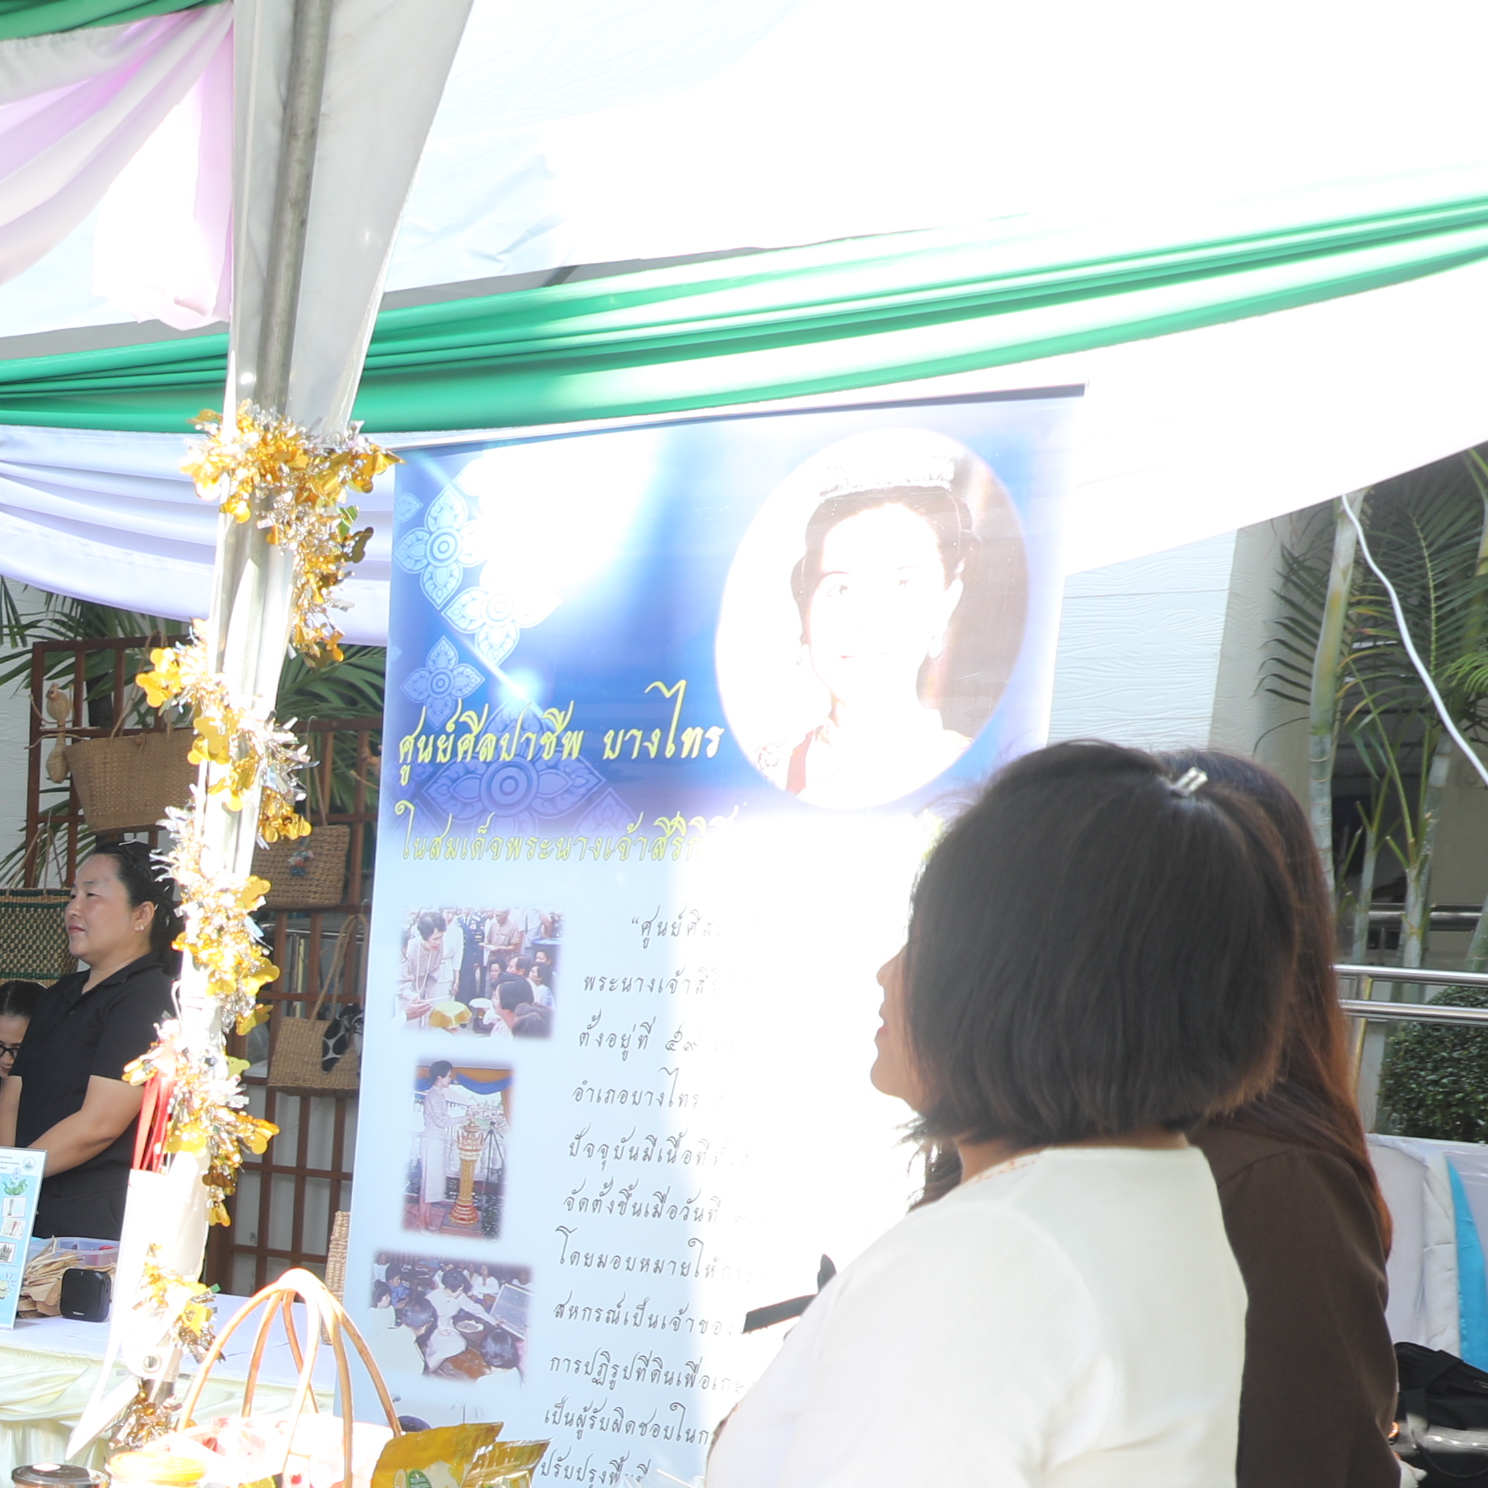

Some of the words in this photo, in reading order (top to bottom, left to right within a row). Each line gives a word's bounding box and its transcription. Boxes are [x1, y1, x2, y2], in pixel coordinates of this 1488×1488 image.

[398, 699, 585, 786] ศูนย์ศิลปาชีพ
[603, 680, 725, 760] บางไทร
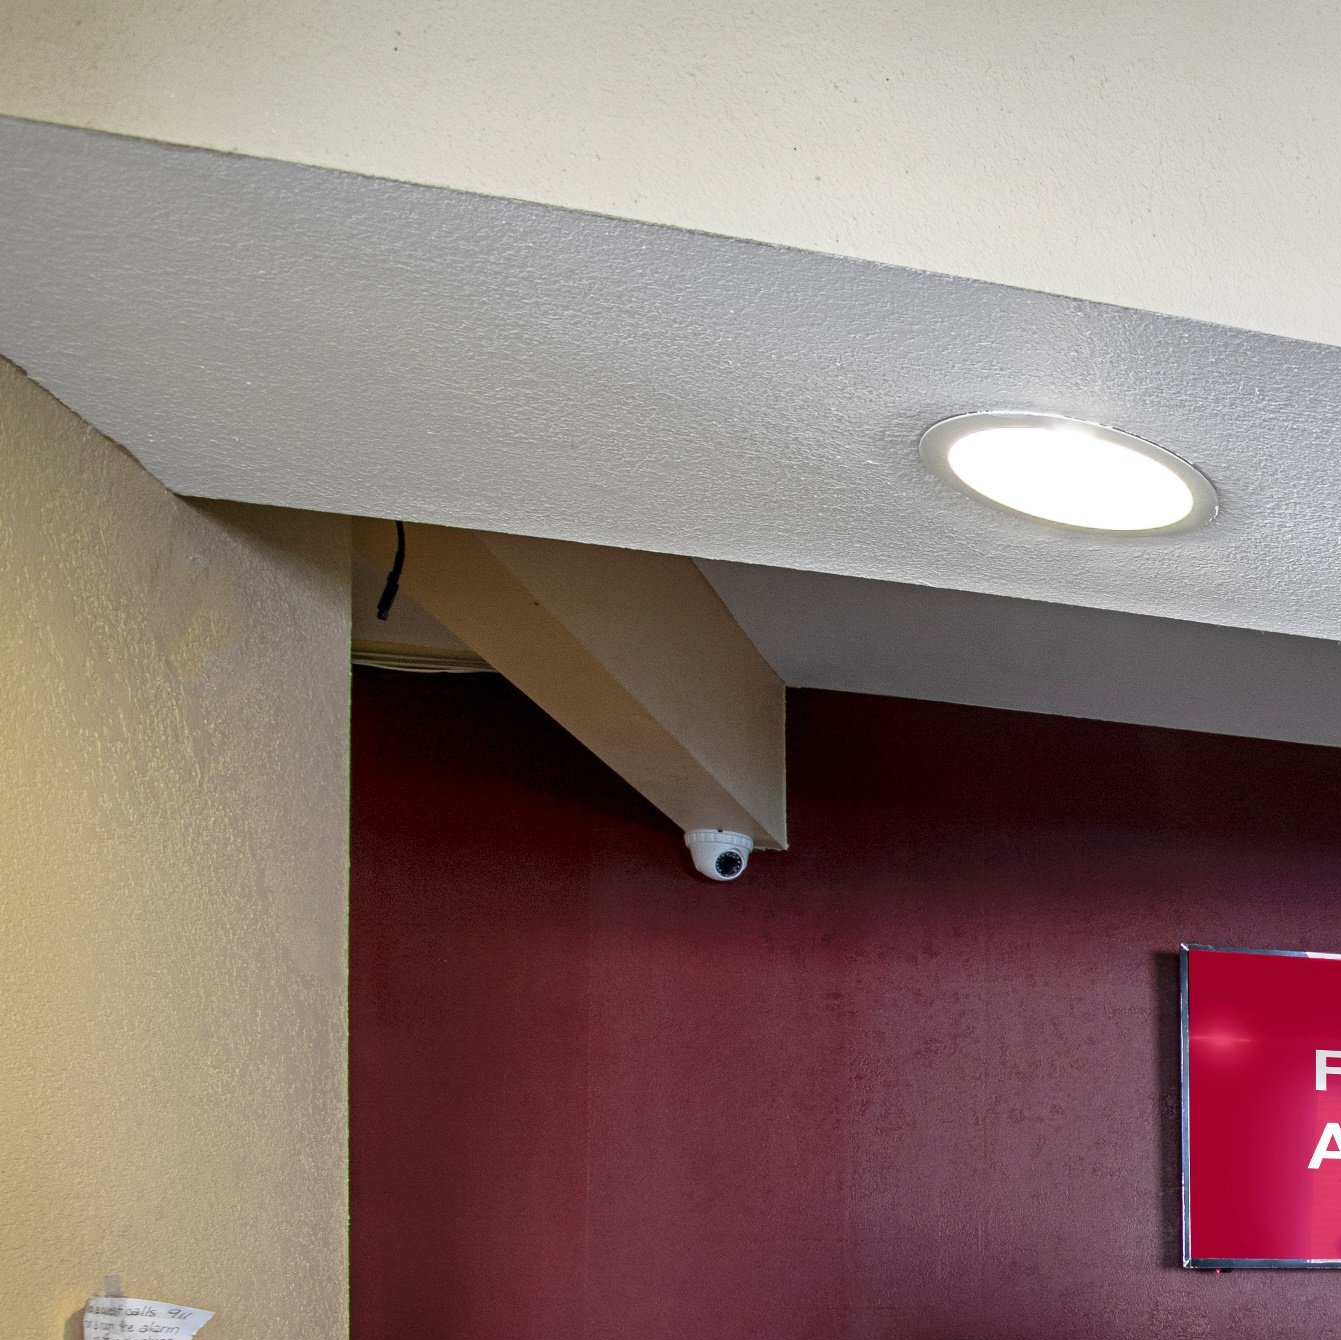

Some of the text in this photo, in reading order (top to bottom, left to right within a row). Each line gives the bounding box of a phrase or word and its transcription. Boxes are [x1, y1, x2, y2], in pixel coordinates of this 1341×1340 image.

[125, 1306, 156, 1317] calls
[168, 1308, 192, 1319] 911
[139, 1322, 180, 1334] alarm

*****

Each record has to be set down verbatim, and the pictures must not appear in the copy.

### REPLY TO THE EXERCISE
Some of the words in this photo, in reading order (top to bottom, left to right within a row). Each line gives a word's bounding box and its transcription. Boxes are [x1, y1, x2, y2], in pixel coordinates of this 1488×1488 image.

[398, 699, 585, 786] ศูนย์ศิลปาชีพ
[603, 680, 725, 760] บางไทร

Some of the text in this photo, in reading order (top to bottom, left to right within a row). Each line gives the bounding box of a phrase or word and its transcription. Boxes are [x1, y1, x2, y2], in pixel coordinates of this 1341×1340 image.

[125, 1306, 156, 1317] calls
[168, 1308, 192, 1319] 911
[139, 1322, 180, 1334] alarm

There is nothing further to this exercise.